What to produce
In your copy of the data, keep every word exact and include no pictures.

Saved entries
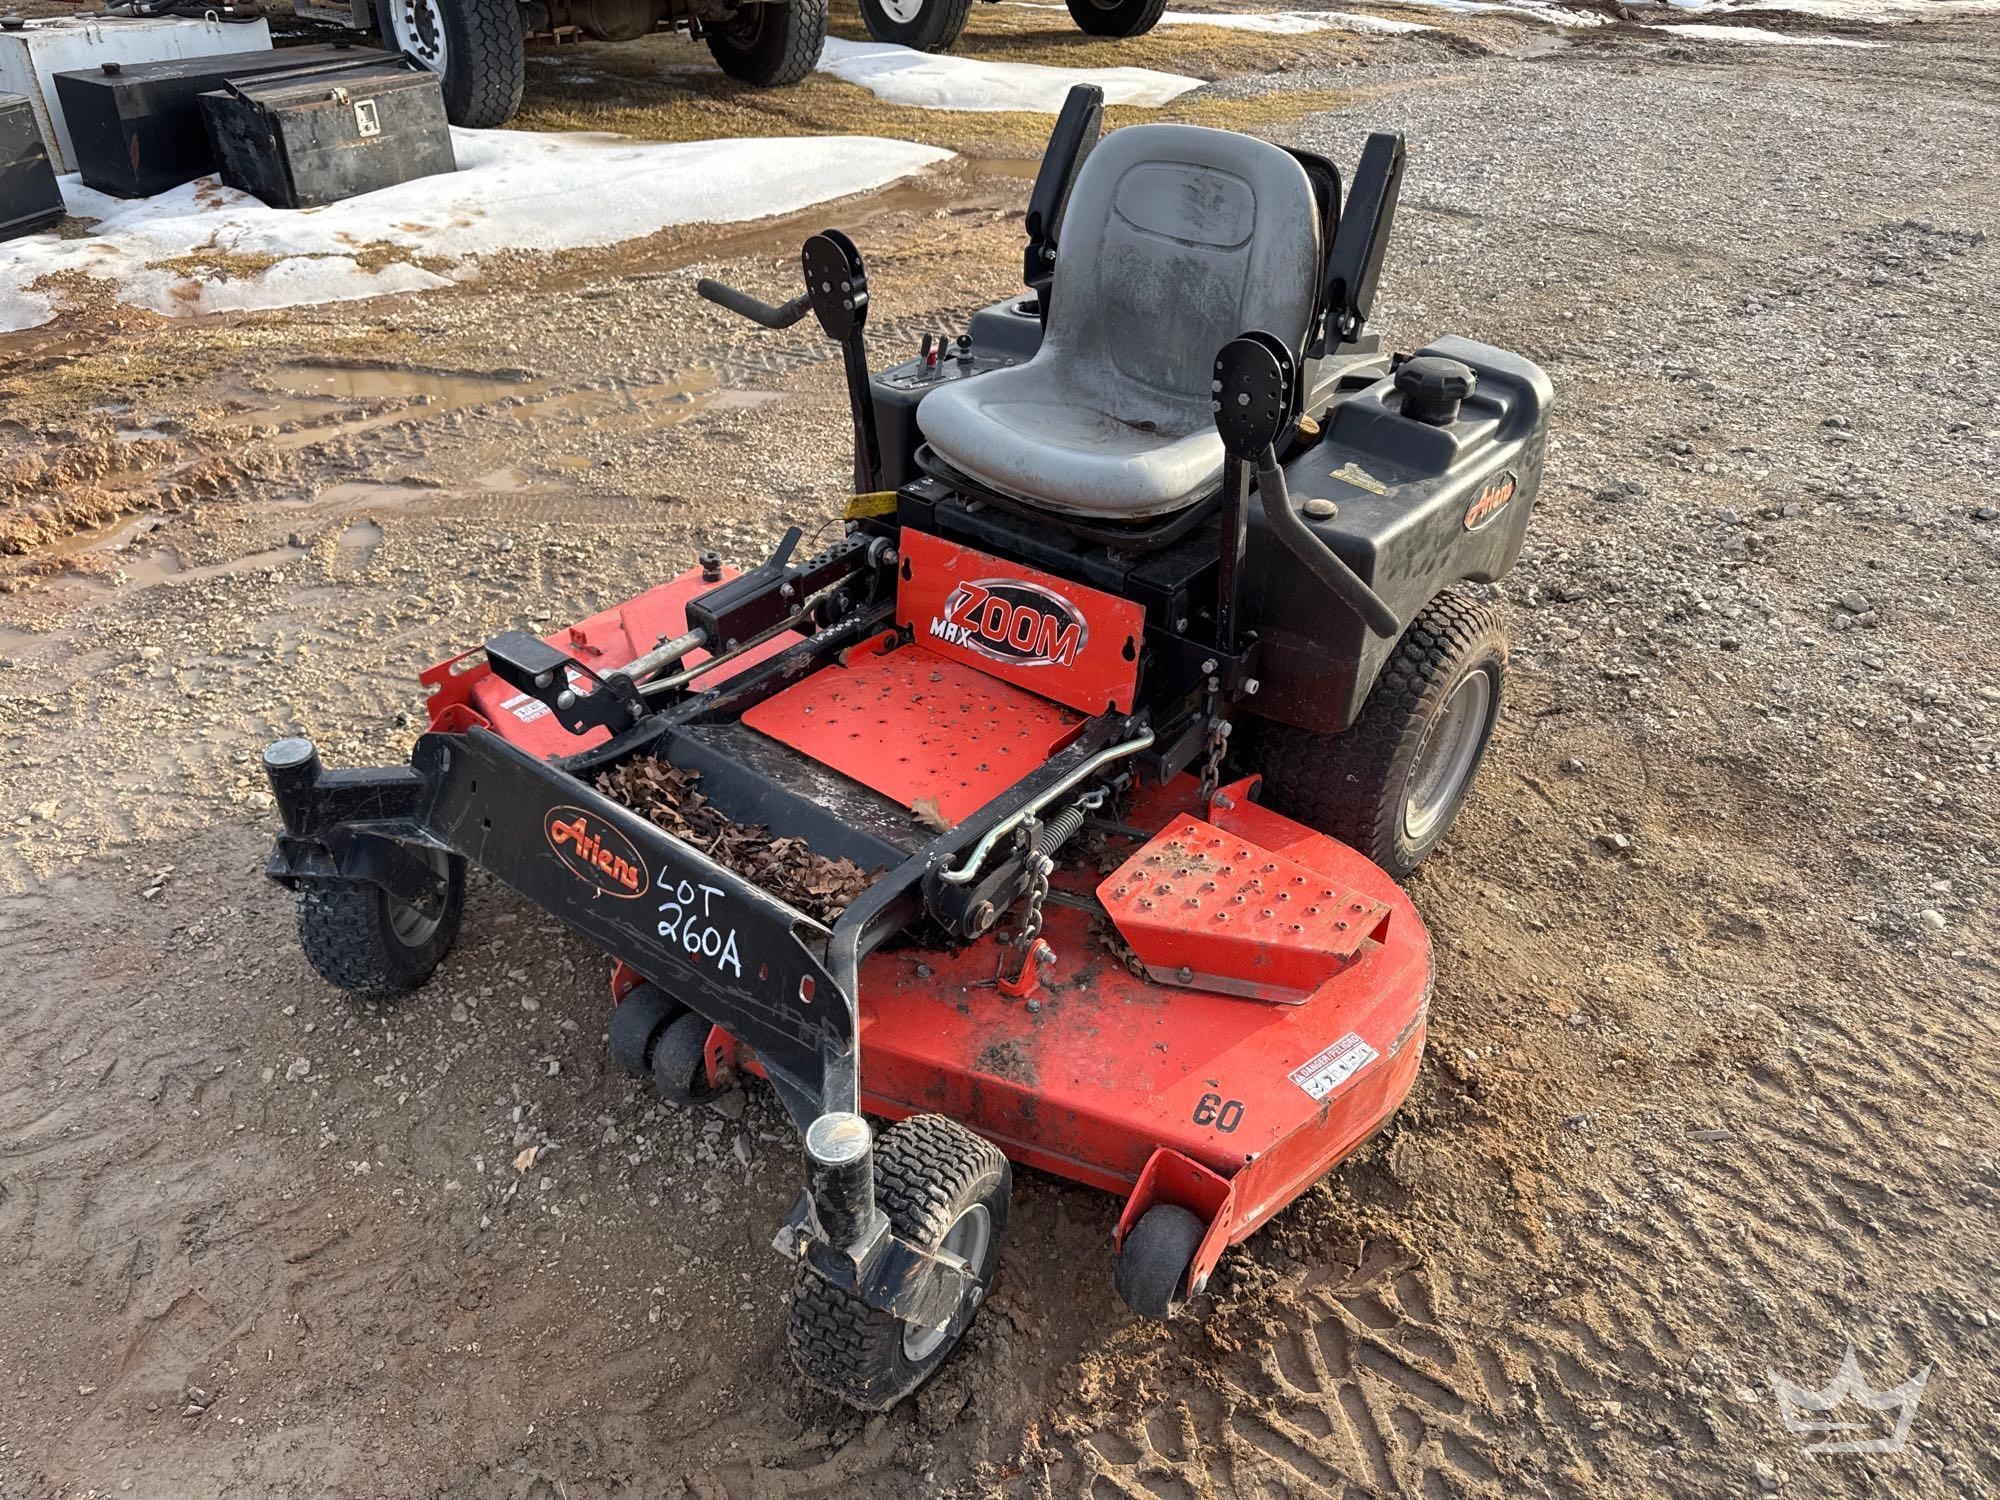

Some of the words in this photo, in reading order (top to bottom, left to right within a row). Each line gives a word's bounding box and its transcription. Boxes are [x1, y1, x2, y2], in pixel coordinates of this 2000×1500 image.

[929, 616, 972, 649] MAX
[949, 580, 1081, 667] ZOOM
[551, 817, 637, 891] Ariens
[656, 865, 726, 918] LOT
[658, 901, 742, 978] 260A
[1300, 1035, 1360, 1079] DANGER/PELIGRO
[1192, 1093, 1245, 1134] 60
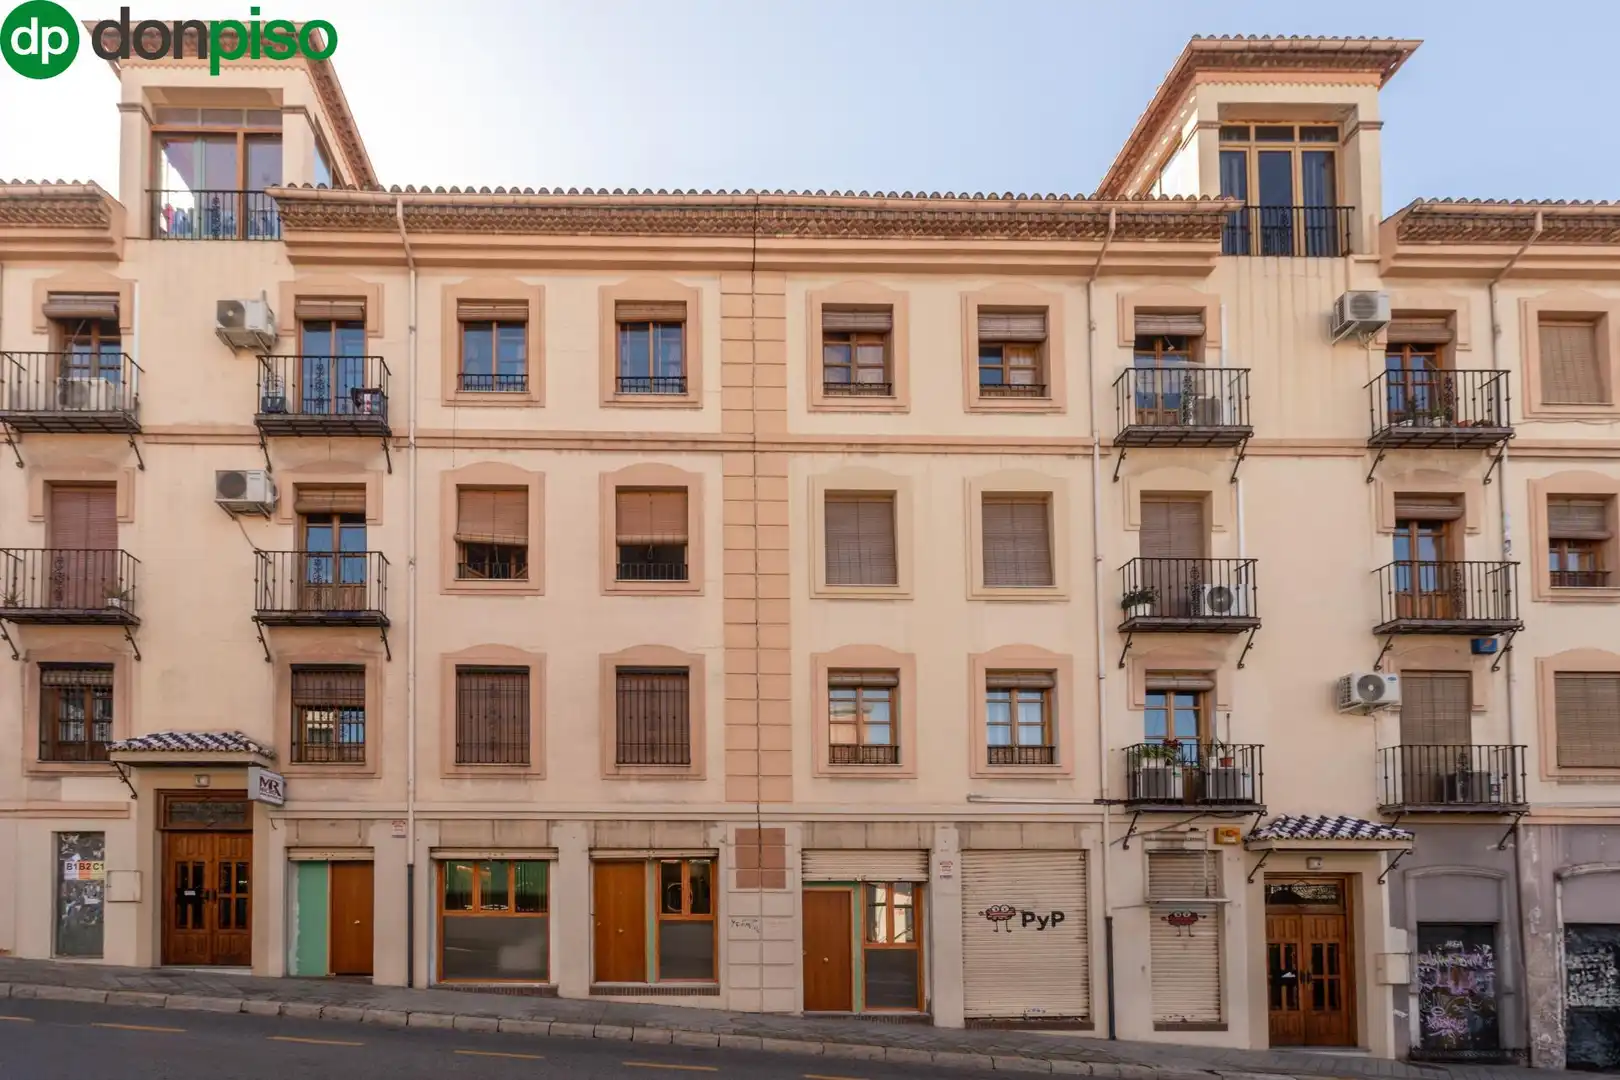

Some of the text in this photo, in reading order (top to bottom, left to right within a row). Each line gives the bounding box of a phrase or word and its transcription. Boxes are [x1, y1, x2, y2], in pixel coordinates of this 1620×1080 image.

[259, 776, 281, 797] MR
[66, 862, 104, 871] B1 B2 C1
[1021, 911, 1065, 931] PyP
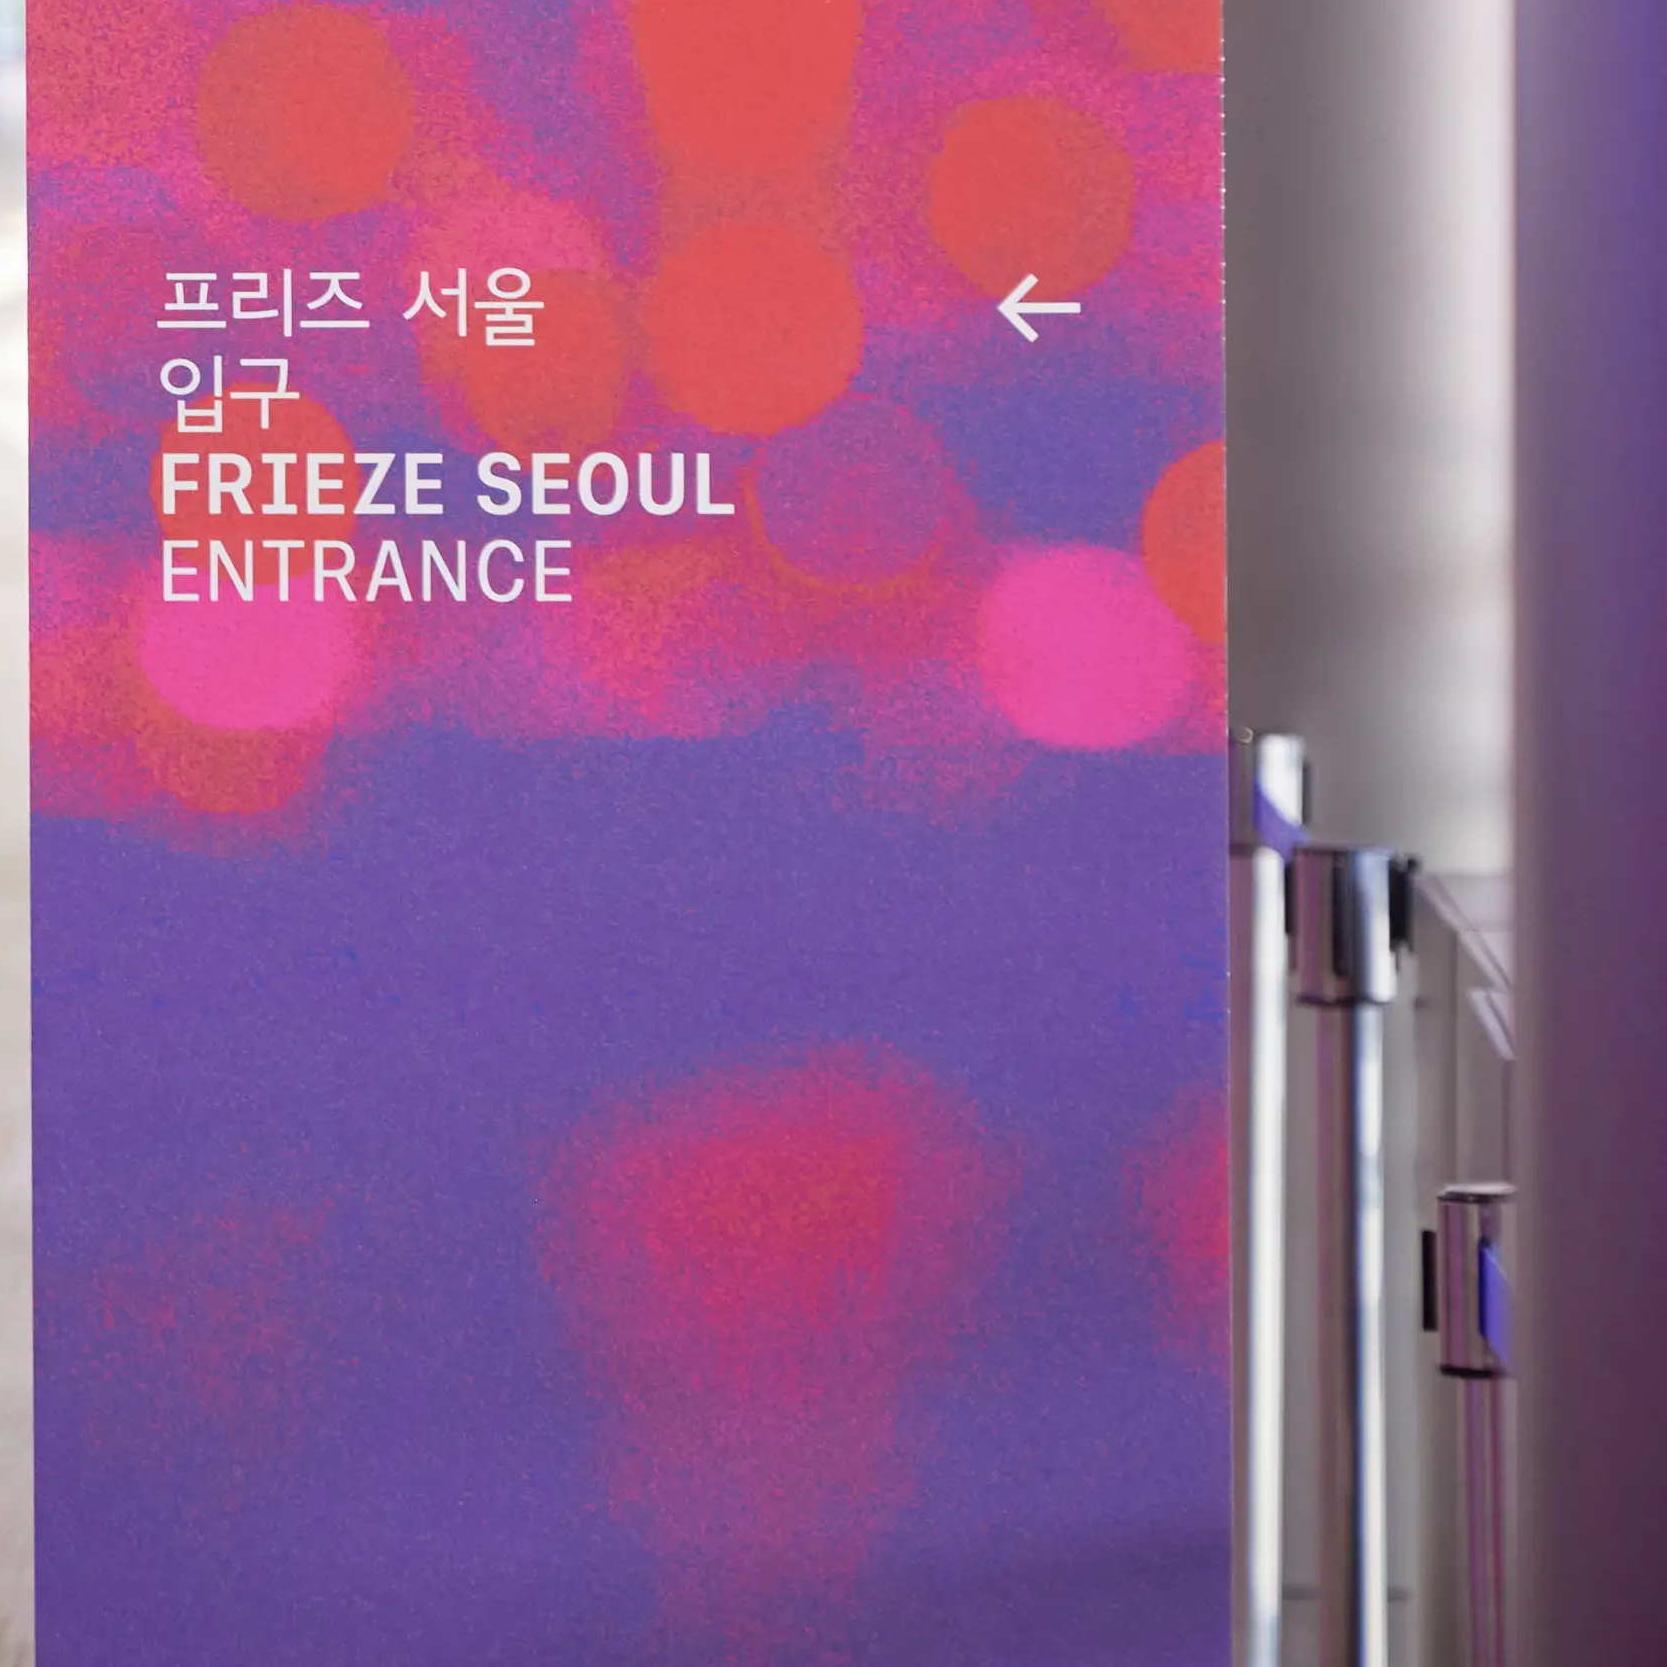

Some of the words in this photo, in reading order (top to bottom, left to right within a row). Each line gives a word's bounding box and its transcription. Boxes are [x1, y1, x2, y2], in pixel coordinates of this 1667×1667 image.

Response to the exercise
Some of the words in this photo, in reading order (top to bottom, left to right within a row). Each line gives a word's bounding box and its transcription. Boxes are [x1, y1, x2, y2], in pixel coordinates of this 2000×1500 image.

[929, 616, 972, 649] MAX
[949, 580, 1081, 667] ZOOM
[551, 817, 637, 891] Ariens
[656, 865, 726, 918] LOT
[658, 901, 742, 978] 260A
[1300, 1035, 1360, 1079] DANGER/PELIGRO
[1192, 1093, 1245, 1134] 60

Some of the text in this photo, in reading order (top to bottom, left to right within a row). Each line gives the bounding box of a phrase or word and its transcription. Boxes are [x1, y1, x2, y2], in pixel coordinates of this 1620×1080 image.

[259, 776, 281, 797] MR
[66, 862, 104, 871] B1 B2 C1
[1021, 911, 1065, 931] PyP

Some of the words in this photo, in reading order (top to bottom, left to right within a row). Each line gives a word's bounding box and its transcription. Boxes are [x1, y1, x2, y2], in pixel coordinates of this 1667×1667 image.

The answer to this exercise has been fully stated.